Each record needs to be retyped exactly, though its pictures should not appear.
---------- RAW DATA ----------
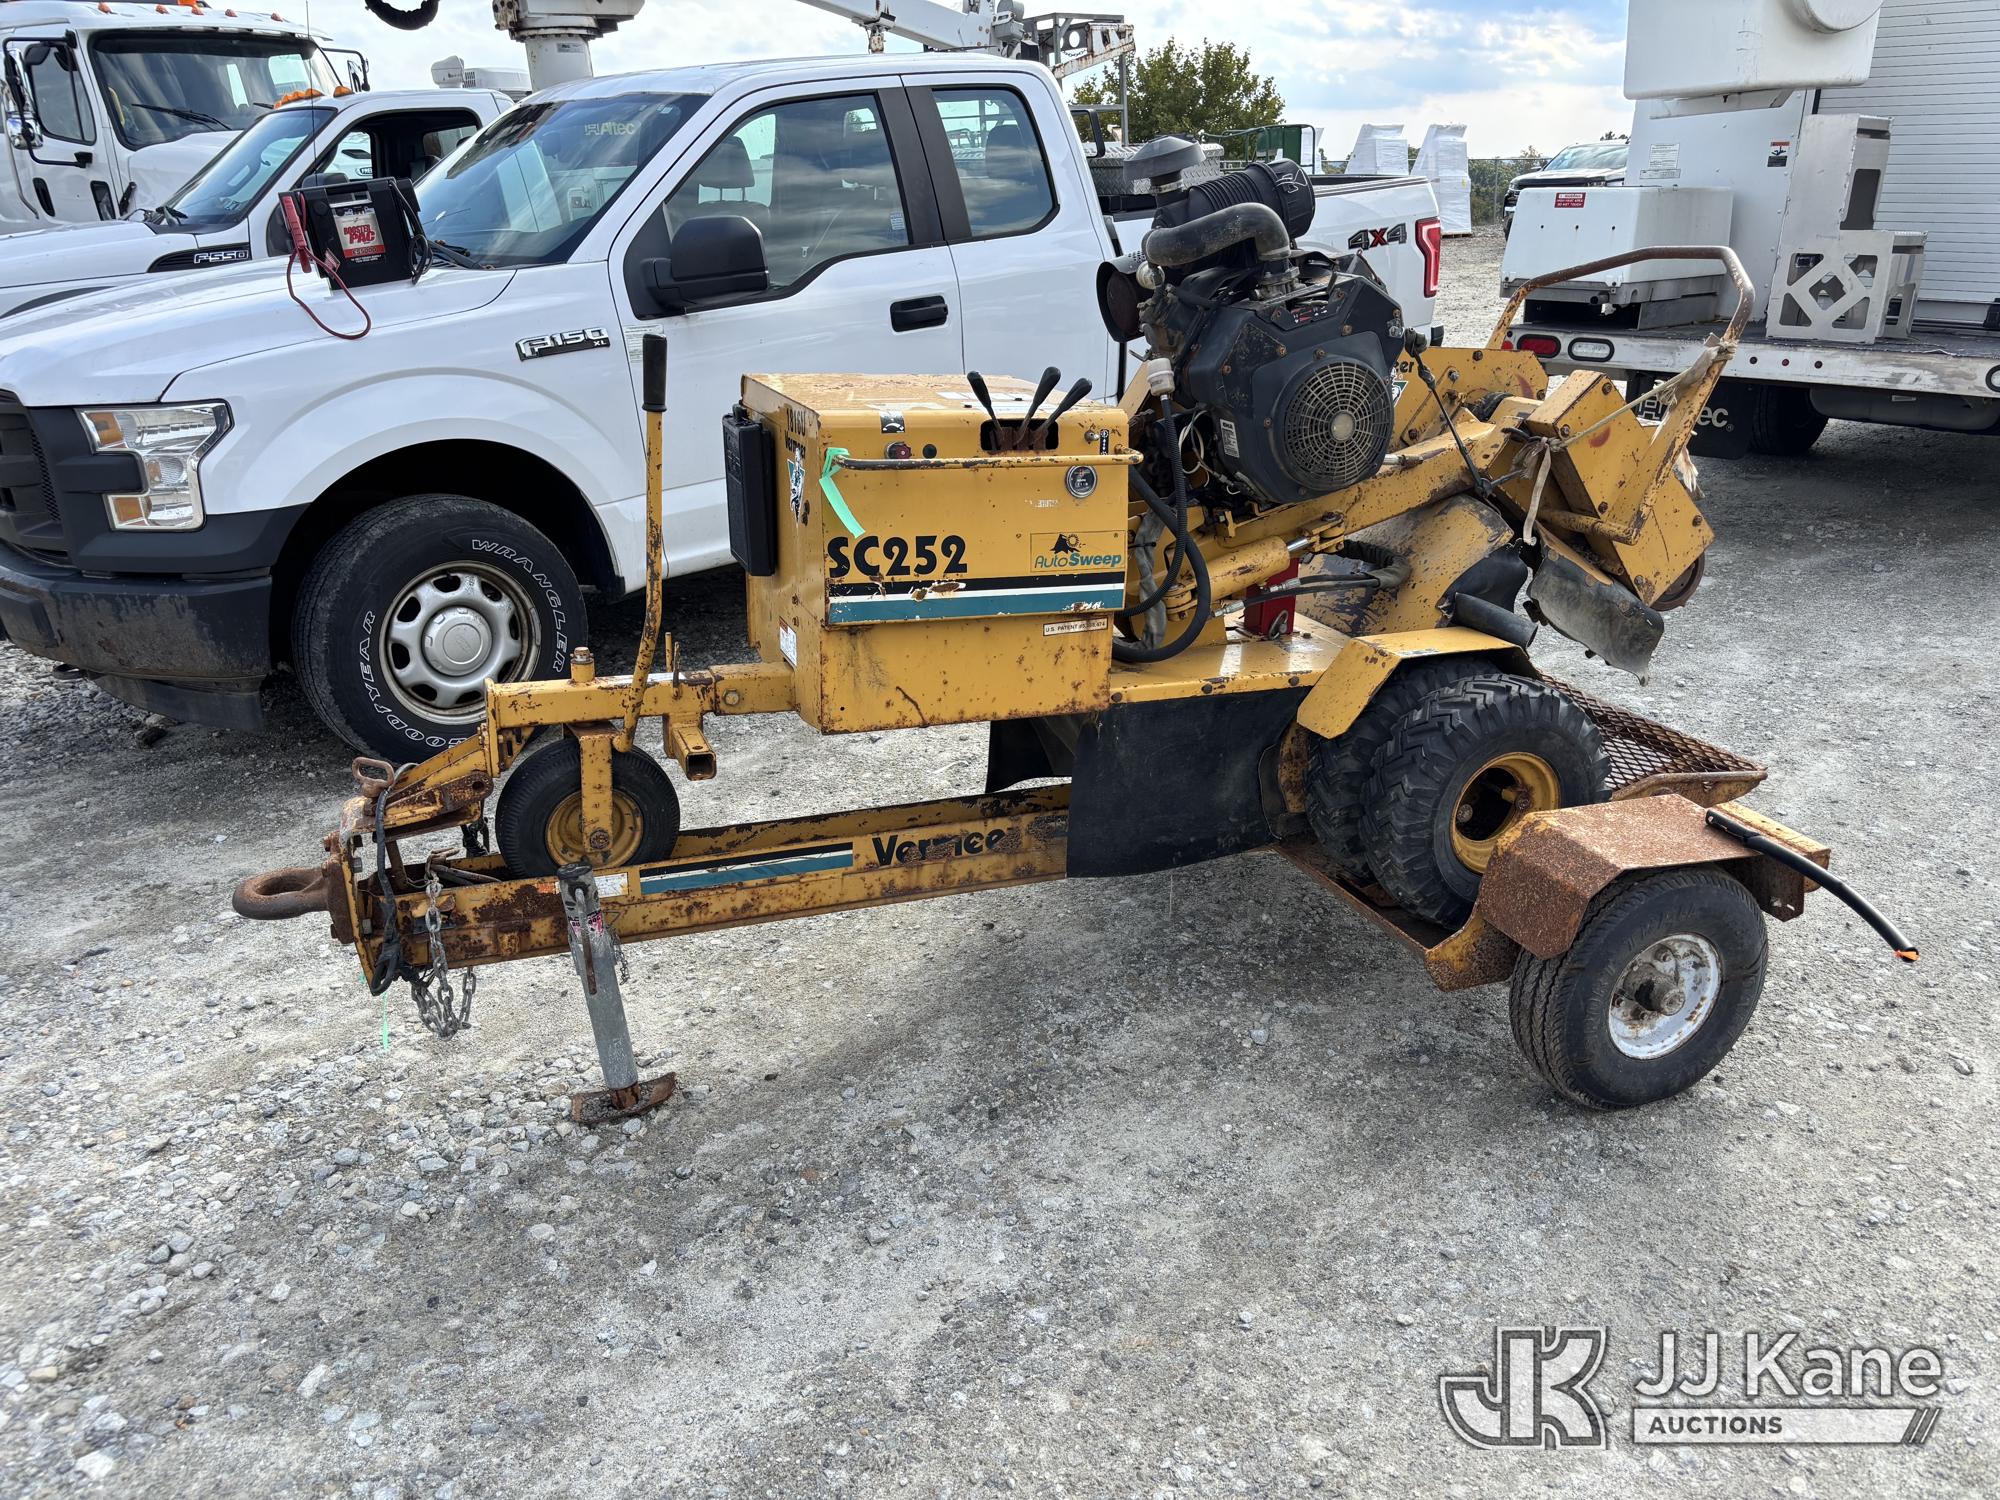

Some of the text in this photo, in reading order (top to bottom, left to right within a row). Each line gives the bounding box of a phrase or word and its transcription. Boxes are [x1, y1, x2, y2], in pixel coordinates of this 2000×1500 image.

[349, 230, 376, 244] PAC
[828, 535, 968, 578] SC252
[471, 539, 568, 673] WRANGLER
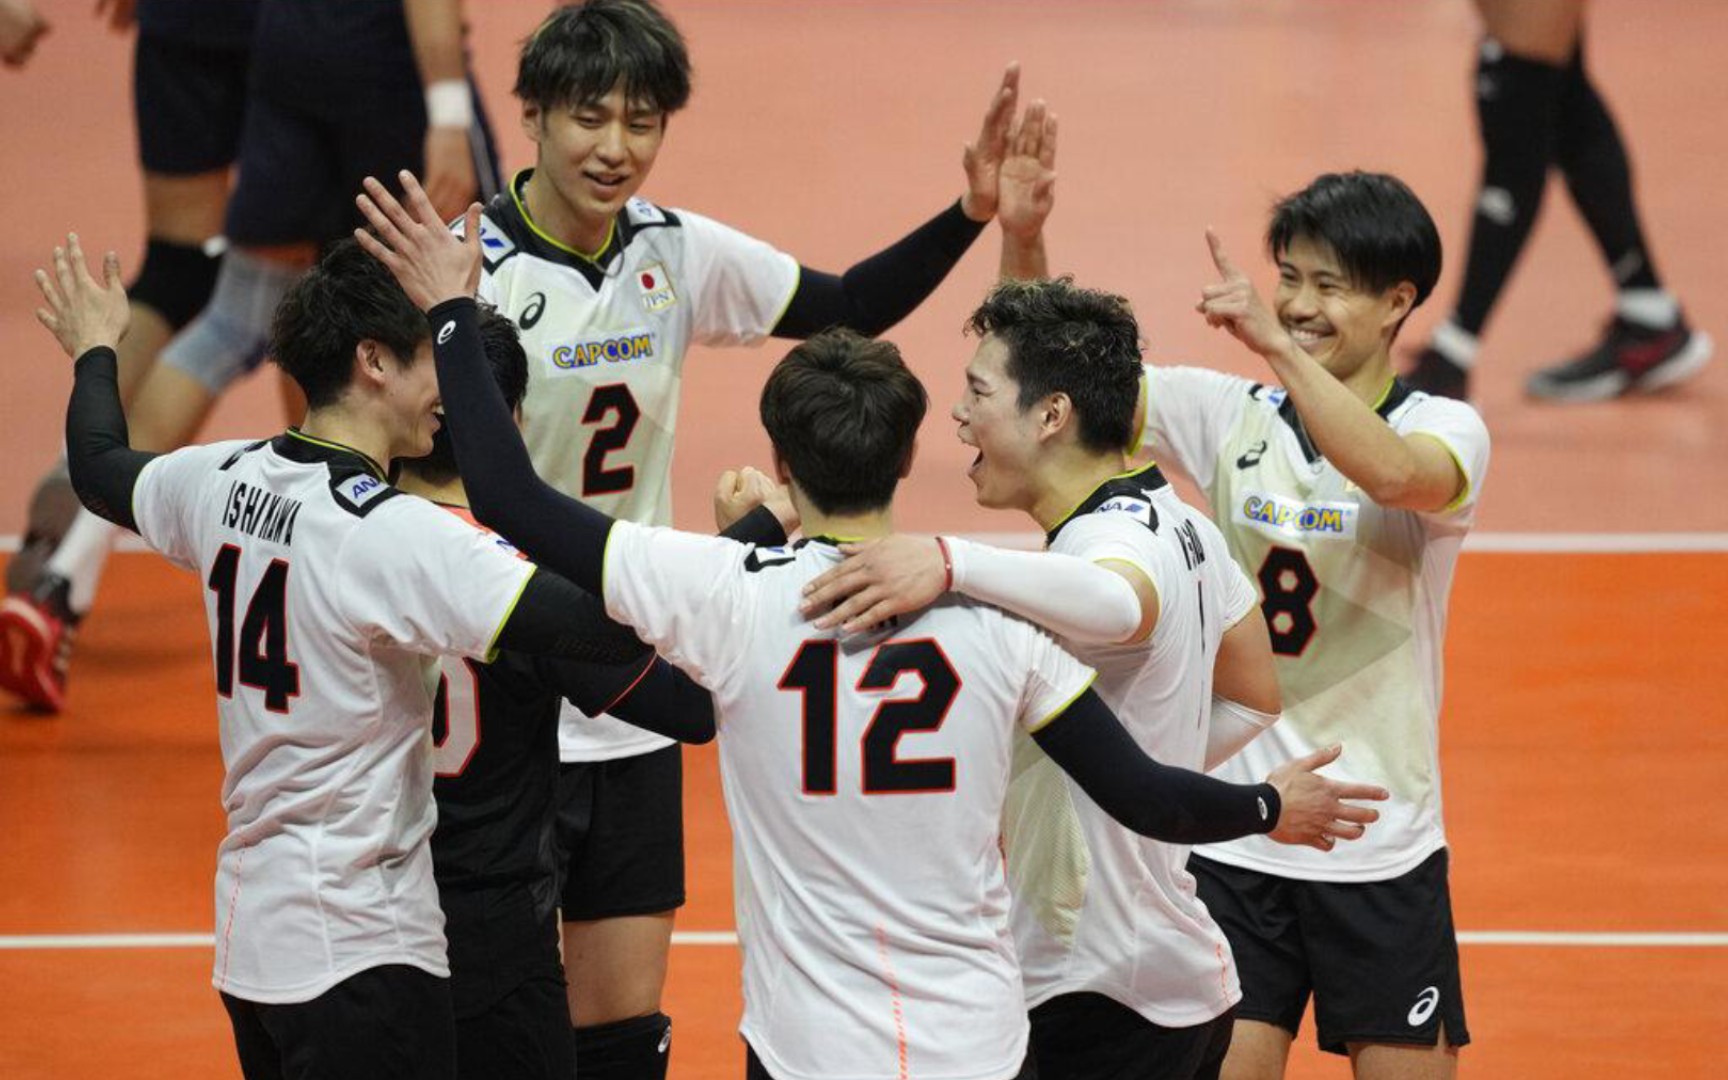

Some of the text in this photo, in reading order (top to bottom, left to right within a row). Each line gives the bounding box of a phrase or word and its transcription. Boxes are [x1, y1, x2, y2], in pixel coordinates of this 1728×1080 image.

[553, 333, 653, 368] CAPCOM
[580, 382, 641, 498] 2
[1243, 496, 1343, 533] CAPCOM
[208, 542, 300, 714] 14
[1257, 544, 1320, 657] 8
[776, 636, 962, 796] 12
----------
**RESULT BELOW**.
Some of the text in this photo, in reading order (top to bottom, left to right within a row). Each line gives the bounding box of a phrase or word and its transcription. Boxes are [x1, y1, x2, y2], in pixel coordinates of this 2000×1500 image.

[349, 230, 376, 244] PAC
[828, 535, 968, 578] SC252
[471, 539, 568, 673] WRANGLER

Some of the text in this photo, in reading order (top to bottom, left to right within a row). Each line gives the bounding box of a phrase or word and its transcription. Boxes are [x1, y1, x2, y2], in pixel coordinates of this 1728×1080 image.

[553, 333, 653, 368] CAPCOM
[580, 382, 641, 498] 2
[1243, 496, 1343, 533] CAPCOM
[208, 542, 300, 714] 14
[1257, 544, 1320, 657] 8
[776, 636, 962, 796] 12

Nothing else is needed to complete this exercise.